[Collected data entries]
====
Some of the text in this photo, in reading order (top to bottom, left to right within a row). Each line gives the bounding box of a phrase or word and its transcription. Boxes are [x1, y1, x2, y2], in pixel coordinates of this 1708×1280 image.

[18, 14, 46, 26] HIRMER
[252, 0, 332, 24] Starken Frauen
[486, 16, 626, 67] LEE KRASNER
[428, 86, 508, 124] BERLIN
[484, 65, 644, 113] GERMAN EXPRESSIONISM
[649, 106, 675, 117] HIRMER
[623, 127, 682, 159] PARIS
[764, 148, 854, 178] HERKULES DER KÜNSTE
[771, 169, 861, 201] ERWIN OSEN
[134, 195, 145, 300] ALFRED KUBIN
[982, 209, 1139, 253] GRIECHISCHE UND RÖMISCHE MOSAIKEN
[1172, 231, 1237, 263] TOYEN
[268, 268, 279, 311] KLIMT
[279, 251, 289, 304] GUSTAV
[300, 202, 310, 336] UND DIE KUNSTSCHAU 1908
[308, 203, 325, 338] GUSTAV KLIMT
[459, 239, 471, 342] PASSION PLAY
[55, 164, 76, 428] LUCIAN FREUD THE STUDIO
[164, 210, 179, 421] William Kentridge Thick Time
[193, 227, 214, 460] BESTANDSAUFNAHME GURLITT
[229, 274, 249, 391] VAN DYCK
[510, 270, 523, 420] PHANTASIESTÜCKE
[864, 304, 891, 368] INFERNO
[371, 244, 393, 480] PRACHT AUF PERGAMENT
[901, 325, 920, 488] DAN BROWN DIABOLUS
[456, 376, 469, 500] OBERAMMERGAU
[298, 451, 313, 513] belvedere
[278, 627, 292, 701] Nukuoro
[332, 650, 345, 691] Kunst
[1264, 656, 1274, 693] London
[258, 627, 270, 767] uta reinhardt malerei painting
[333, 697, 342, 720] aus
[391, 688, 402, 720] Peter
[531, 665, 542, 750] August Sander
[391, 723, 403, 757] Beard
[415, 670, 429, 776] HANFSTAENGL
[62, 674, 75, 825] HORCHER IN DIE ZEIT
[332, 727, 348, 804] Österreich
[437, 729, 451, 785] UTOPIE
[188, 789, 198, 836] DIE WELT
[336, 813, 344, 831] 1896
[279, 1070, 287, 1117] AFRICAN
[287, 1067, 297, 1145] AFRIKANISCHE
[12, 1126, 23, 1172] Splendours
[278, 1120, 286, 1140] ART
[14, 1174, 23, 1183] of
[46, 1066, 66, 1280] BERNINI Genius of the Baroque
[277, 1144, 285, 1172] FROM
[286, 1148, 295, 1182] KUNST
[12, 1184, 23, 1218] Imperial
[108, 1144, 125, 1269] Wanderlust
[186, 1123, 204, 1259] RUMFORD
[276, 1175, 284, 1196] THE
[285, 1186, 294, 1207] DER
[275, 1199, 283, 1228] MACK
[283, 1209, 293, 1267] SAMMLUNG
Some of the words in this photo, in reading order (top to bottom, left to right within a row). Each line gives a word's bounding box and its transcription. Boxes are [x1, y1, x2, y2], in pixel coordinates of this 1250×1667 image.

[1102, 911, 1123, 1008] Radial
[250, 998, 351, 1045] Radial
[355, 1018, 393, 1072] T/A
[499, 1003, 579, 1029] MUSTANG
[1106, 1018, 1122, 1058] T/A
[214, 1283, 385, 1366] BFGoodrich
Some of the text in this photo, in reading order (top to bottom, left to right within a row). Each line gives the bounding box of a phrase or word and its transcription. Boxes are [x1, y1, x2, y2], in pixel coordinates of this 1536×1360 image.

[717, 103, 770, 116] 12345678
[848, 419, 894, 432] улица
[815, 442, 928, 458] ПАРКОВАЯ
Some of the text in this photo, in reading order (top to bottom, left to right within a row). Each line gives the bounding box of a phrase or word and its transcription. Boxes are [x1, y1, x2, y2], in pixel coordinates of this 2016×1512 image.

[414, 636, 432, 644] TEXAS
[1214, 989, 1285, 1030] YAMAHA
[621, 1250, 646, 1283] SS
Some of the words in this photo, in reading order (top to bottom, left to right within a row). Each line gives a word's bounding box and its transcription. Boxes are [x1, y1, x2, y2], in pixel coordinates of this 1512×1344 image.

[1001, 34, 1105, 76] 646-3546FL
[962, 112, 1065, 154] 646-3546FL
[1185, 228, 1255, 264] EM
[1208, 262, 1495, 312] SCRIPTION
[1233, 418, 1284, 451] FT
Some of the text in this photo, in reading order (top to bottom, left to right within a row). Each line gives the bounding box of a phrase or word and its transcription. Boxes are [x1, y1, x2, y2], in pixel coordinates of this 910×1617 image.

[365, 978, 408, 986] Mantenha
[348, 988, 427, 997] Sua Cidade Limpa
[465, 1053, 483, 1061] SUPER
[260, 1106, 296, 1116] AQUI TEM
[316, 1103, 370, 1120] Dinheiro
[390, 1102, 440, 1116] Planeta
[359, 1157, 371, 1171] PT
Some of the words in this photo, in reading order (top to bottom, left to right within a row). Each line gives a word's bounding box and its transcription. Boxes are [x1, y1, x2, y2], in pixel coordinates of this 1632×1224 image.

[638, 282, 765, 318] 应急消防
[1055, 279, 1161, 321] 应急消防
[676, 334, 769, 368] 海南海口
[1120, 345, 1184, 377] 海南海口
====
=== What the task requires ===
Send back exactly the lines from the line with "this 910×1617 image." through the end of the records.

=== Response to the task ===
Some of the text in this photo, in reading order (top to bottom, left to right within a row). Each line gives the bounding box of a phrase or word and its transcription. Boxes are [x1, y1, x2, y2], in pixel coordinates of this 910×1617 image.

[365, 978, 408, 986] Mantenha
[348, 988, 427, 997] Sua Cidade Limpa
[465, 1053, 483, 1061] SUPER
[260, 1106, 296, 1116] AQUI TEM
[316, 1103, 370, 1120] Dinheiro
[390, 1102, 440, 1116] Planeta
[359, 1157, 371, 1171] PT
Some of the words in this photo, in reading order (top to bottom, left to right within a row). Each line gives a word's bounding box and its transcription. Boxes are [x1, y1, x2, y2], in pixel coordinates of this 1632×1224 image.

[638, 282, 765, 318] 应急消防
[1055, 279, 1161, 321] 应急消防
[676, 334, 769, 368] 海南海口
[1120, 345, 1184, 377] 海南海口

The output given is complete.